# Threaded shutter release for Canon AE-1



## lewismalpas (Aug 4, 2013)

Hi all,

I want to buy a relatively inexpensive shutter release cable for my canon AE-1 so I can practice night photography, is there any brands/products in particular which I should be looking for? I am not entirely sure what dimeter cable to buy, is this a standard width for older cameras which take a threaded cable?

Many thanks in advance for your help,

Lewis.


----------



## KmH (Aug 4, 2013)

Yes, it's a standard size.

Adorama 20" Standard Cable Release with Screw Lock


----------



## cptkid (Aug 4, 2013)

As above.

I got mine from Jessops, but I dunno if they will do them anymore as it was an own branded product, and from what I can tell, they are no longer doing that stuff anymore. 

I'd try ebay or amazon.
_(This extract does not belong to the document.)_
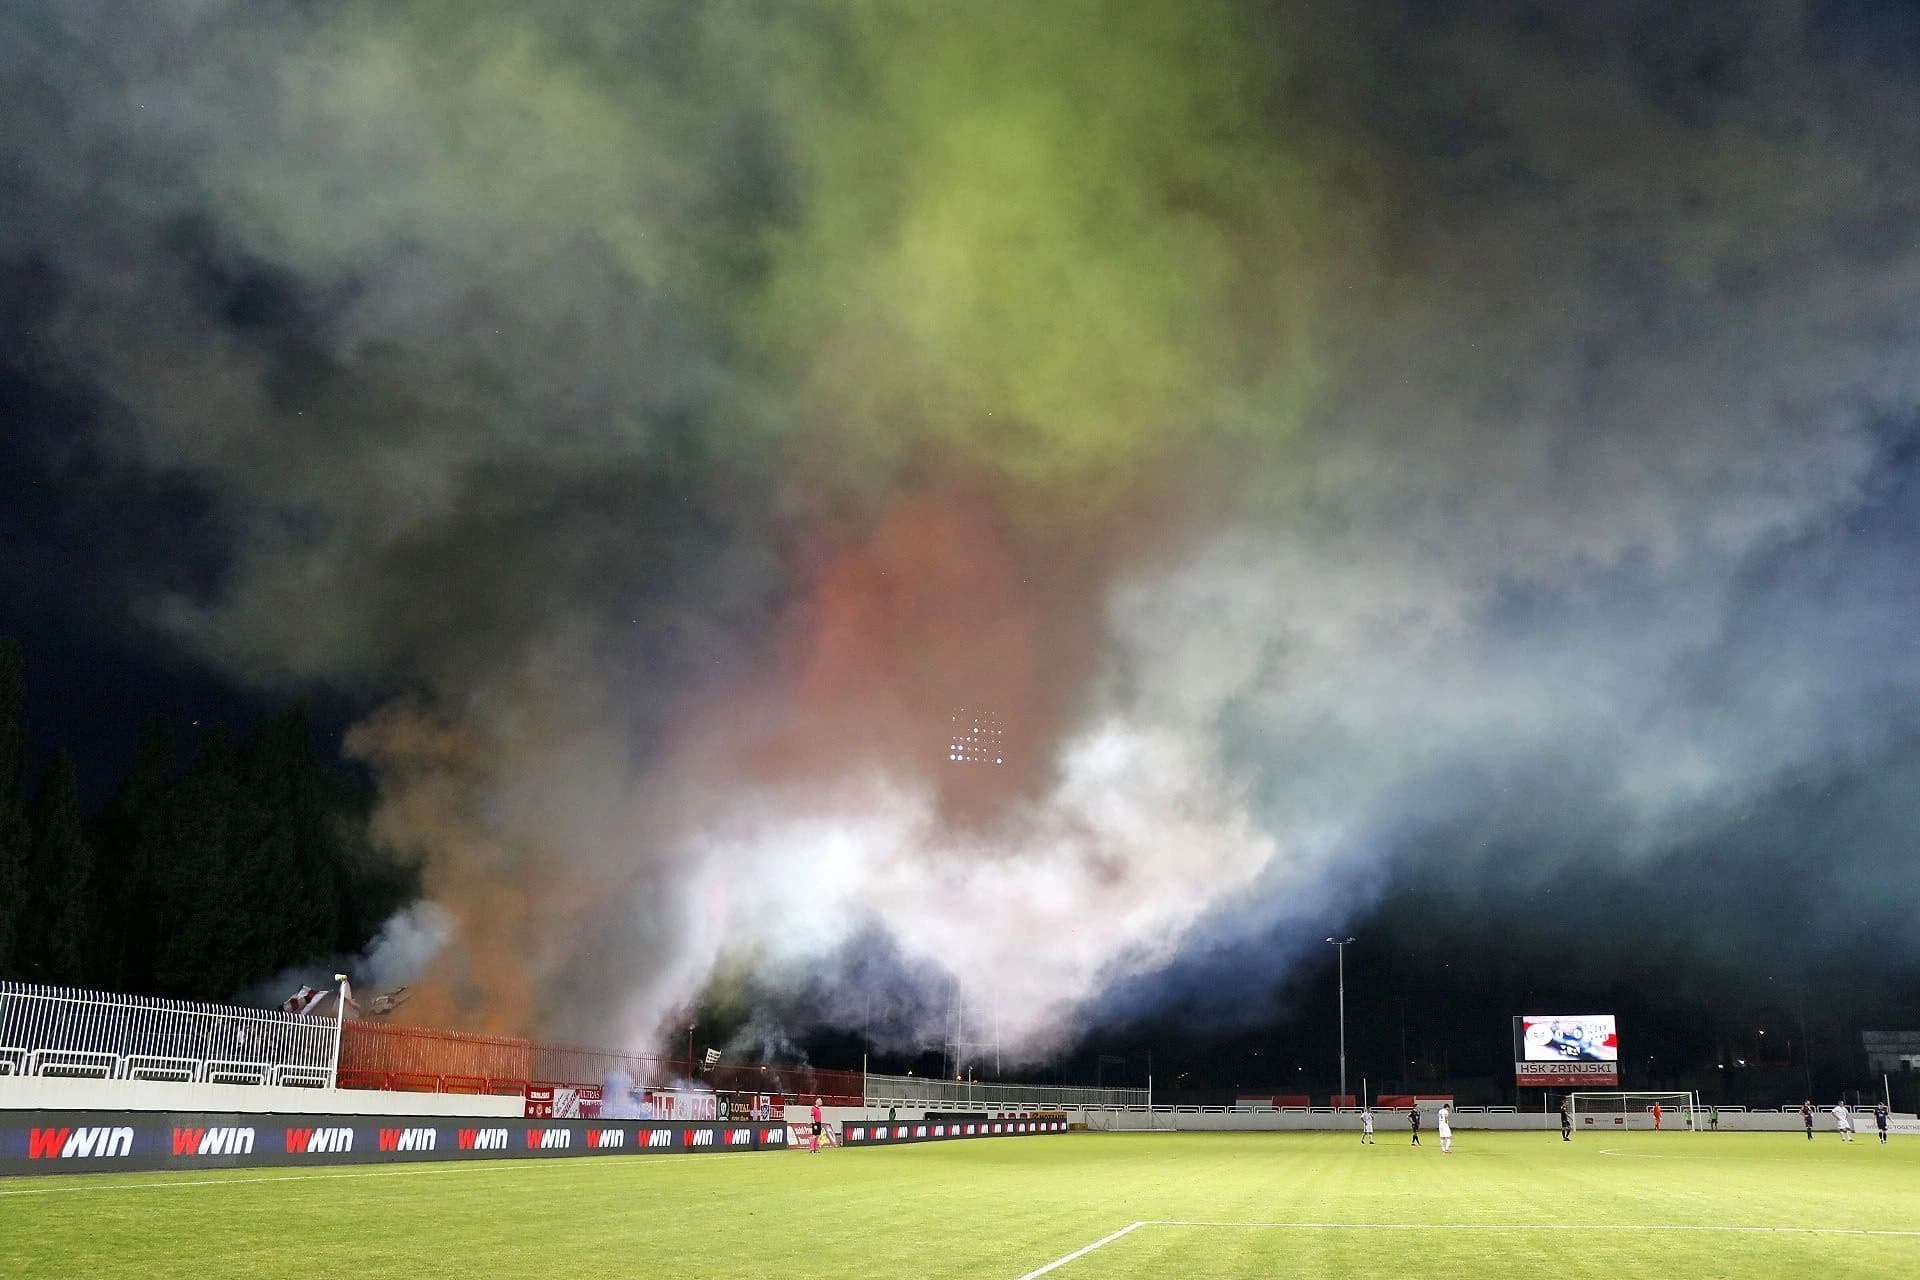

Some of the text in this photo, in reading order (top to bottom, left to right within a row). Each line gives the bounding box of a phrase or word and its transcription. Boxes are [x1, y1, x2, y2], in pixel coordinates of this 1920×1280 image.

[1520, 1062, 1611, 1073] HŠK ZRINJSKI
[730, 1103, 750, 1113] LOYAL
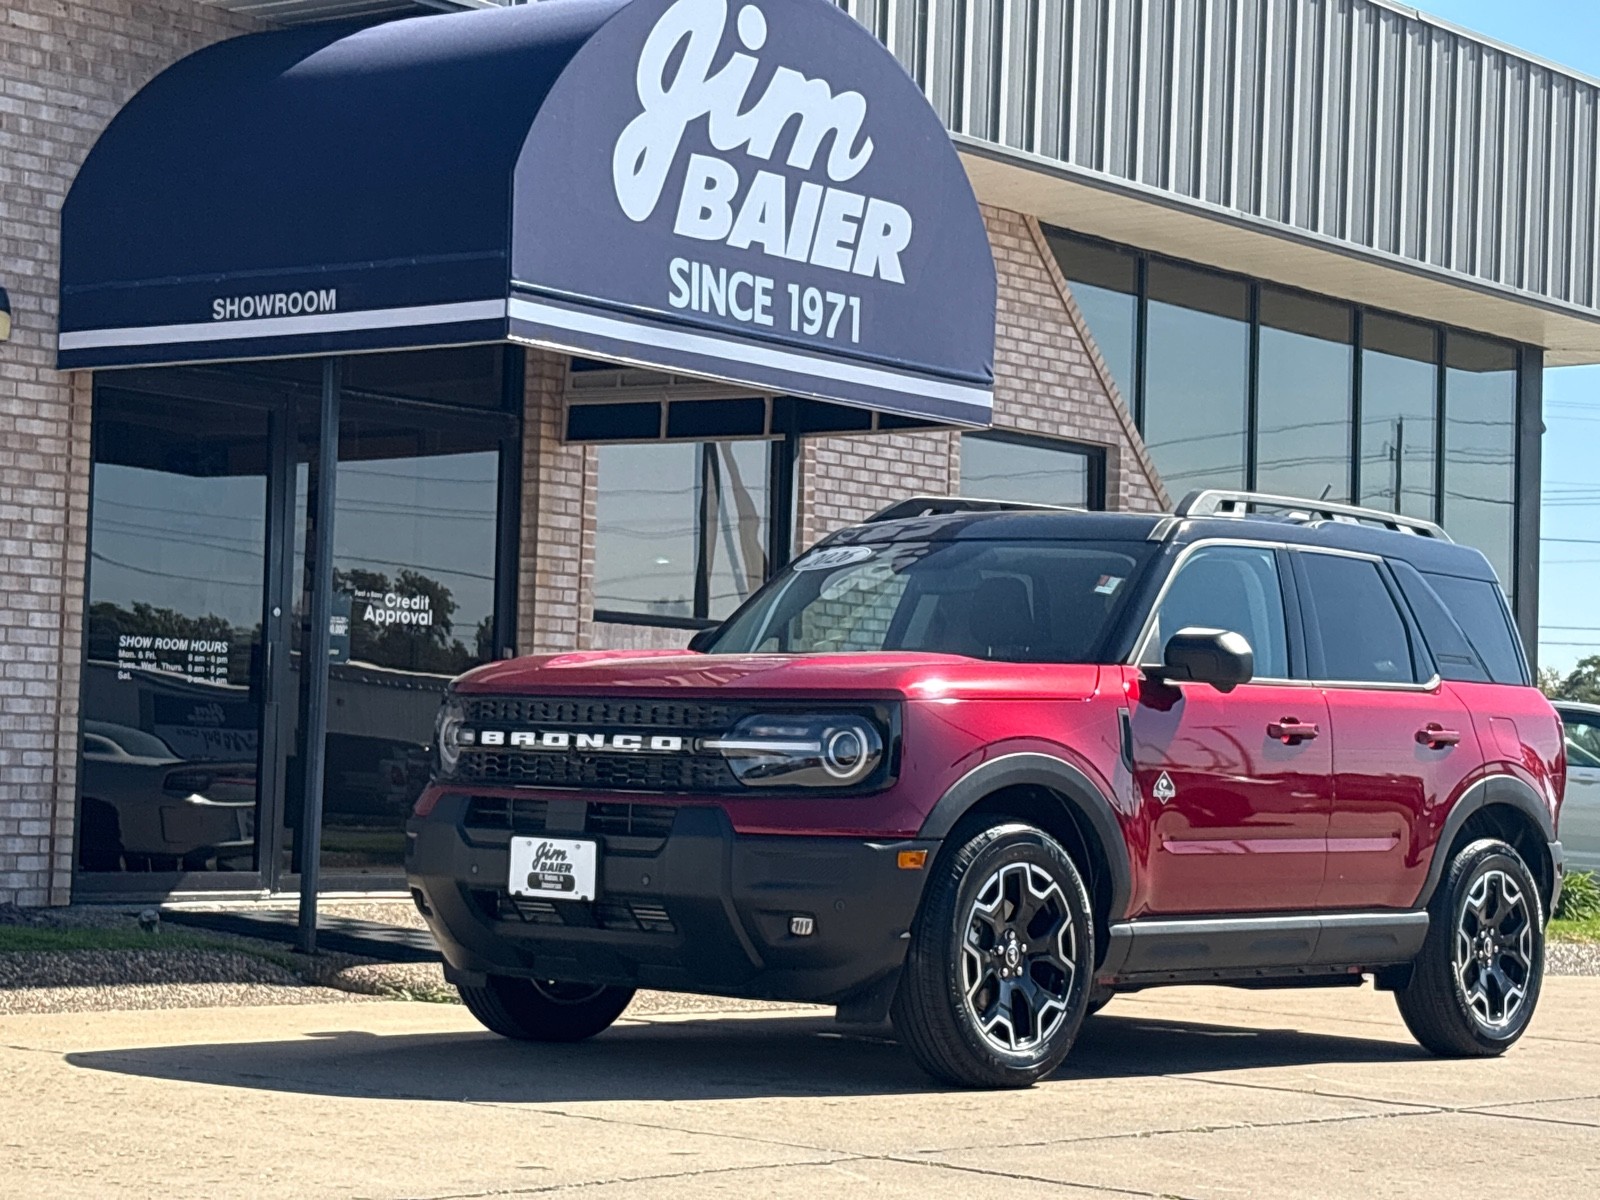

However, I purchased one from ebay previously that broke after about 6 months.


----------



## KmH (Aug 4, 2013)

The quality and durability of a release cable is generally a function of it's price.


----------



## lewismalpas (Aug 5, 2013)

Thanks for the quick replies guys, I am based in the UK so getting the Adorama cable shipped over is quite expensive (For some reason its $43.00) - Is there any other brands that you would recommend?


----------



## cgw (Aug 5, 2013)

The Nikon AR-3 cable release isn't giveaway-priced but is very well-made. I've used/lost/busted a small pile of cheapies and decided to get a couple of Nikons, mainly for my medium format cameras and older manual 35mm bodies. No regrets.


----------



## lewismalpas (Aug 8, 2013)

Thanks for all of your help guys, I ended up buying this cable from eBay:
Shutter Release Cable | eBay

I am not sure who the manufacturer is but it should let me take a few night shots and experiment with longer exposures. If I end up getting into night photography I will look to buy a better cable such as the AR-3 cgw suggested!


----------